Create with Context’s recent slideshow “How people really use the iPhone” reveals among other things how difficult it can be to intuit actions with confidence by icon alone. The slideshow notes that test subjects using Mobile Safari for the first time made some reasonable but wrong guesses about what several of the icons meant:

  • They thought the magnifying glass mobile_safari_mag_glass.png to the left of the Address Bar meant “zoom this page”.
  • They thought the Plus icon mobile_safari_plus_sign.png at the bottom of the Mobile Safari screen meant “increase the font size”.
  • They thought the Book icon mobile_safar_book_icon.png meant “read this page”.

These are perfectly reasonable interpretations of those icons. There are examples in Mac OS X as well. For instance, in Safari it’s not immediately clear that the safari_refresh.png icon means “reload the current page”. You learn that this is so, but users might also initially believe it means “rotate the window to the right” or “rewind/go back”.

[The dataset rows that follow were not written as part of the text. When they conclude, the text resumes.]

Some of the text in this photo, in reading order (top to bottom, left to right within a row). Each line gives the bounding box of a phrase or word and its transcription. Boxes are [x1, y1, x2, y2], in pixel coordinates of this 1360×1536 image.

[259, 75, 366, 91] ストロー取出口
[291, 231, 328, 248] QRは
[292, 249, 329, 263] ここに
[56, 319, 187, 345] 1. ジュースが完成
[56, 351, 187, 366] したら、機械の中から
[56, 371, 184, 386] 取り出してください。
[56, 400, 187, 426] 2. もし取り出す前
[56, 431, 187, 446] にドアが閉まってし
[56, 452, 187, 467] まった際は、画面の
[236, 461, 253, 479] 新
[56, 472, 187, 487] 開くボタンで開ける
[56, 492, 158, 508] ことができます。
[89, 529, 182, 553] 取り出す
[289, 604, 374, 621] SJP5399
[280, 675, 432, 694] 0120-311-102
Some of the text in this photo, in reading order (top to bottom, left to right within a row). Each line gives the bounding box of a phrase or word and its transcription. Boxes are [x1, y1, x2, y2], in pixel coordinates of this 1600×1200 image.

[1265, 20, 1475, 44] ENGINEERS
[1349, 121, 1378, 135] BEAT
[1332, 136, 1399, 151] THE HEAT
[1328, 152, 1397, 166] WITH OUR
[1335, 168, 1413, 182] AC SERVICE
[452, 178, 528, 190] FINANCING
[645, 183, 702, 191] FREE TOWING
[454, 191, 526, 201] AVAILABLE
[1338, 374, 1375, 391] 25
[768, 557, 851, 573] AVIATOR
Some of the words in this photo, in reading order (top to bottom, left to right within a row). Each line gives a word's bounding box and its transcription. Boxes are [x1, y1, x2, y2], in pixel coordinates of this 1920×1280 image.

Fortunately, icons with multiple possible interpretations usually make more sense one way than another, and so long as the associated action is not destructive, there’s little harm done if the user is initially surprised. Safari’s safari_refresh.png icon seems unlikely to mean “rotate the window to the right”, so it probably means “reload the page” and possibly means “rewind/go back”. But even when an icon might not represent an action as clearly as you think it does, once you click the icon the relationship between icon and action usually becomes clear.

If I had a candidate icon for a frequently-used action but that icon might be misinterpreted by first-time users, I’d use it anyway if 1) it fit the action well, 2) the other possible interpretations were reasonably unlikely, and 3) the action wasn’t destructive.